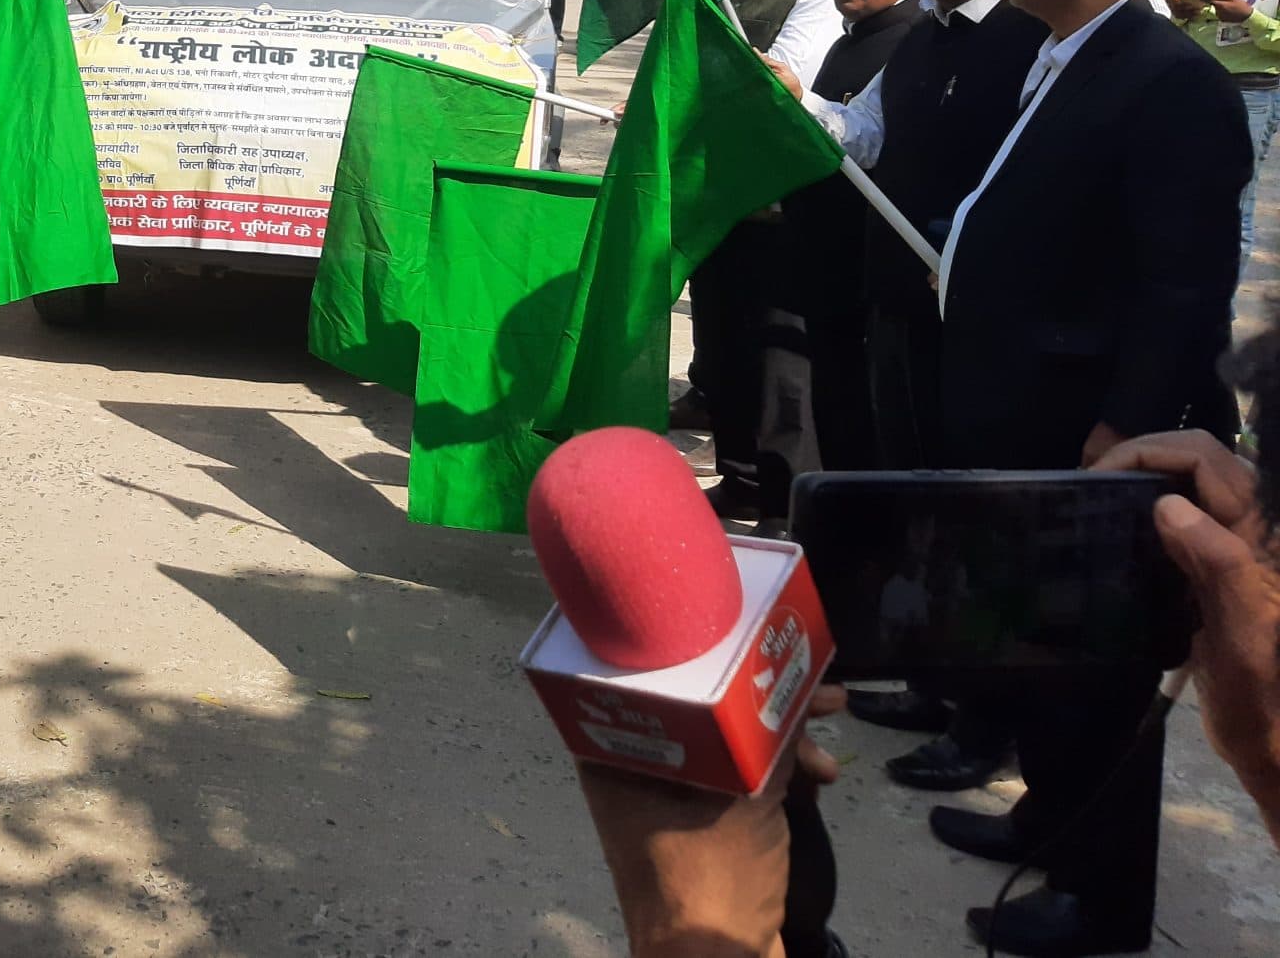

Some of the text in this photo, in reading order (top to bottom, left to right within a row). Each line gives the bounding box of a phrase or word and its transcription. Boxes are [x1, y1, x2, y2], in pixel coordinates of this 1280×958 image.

[232, 40, 297, 64] लोक
[161, 68, 175, 76] U/S
[95, 141, 139, 154] यायाधीश
[176, 142, 309, 162] जिलाधिकारी सह उपाध्यक्ष,
[97, 158, 122, 169] सचिव
[179, 159, 305, 178] जिला विधिक सेवा प्राधिकार,
[225, 176, 256, 190] पूर्णियाँ
[103, 193, 147, 209] नकारी
[151, 194, 169, 209] के
[172, 194, 201, 210] लिए
[203, 199, 260, 213] व्यवहार
[137, 214, 168, 229] सेवा
[171, 214, 236, 234] प्राधिकार,
[240, 218, 293, 237] पूर्णियाँ
[294, 223, 313, 237] के

▶ Problem details
Your reply must contain each entry exactly as written and no pictures.

▶ Problem solution
Some of the text in this photo, in reading order (top to bottom, left to right within a row). Each line gives the bounding box of a phrase or word and its transcription. Boxes are [x1, y1, x2, y2], in pixel coordinates of this 1280×958 image.

[232, 40, 297, 64] लोक
[161, 68, 175, 76] U/S
[95, 141, 139, 154] यायाधीश
[176, 142, 309, 162] जिलाधिकारी सह उपाध्यक्ष,
[97, 158, 122, 169] सचिव
[179, 159, 305, 178] जिला विधिक सेवा प्राधिकार,
[225, 176, 256, 190] पूर्णियाँ
[103, 193, 147, 209] नकारी
[151, 194, 169, 209] के
[172, 194, 201, 210] लिए
[203, 199, 260, 213] व्यवहार
[137, 214, 168, 229] सेवा
[171, 214, 236, 234] प्राधिकार,
[240, 218, 293, 237] पूर्णियाँ
[294, 223, 313, 237] के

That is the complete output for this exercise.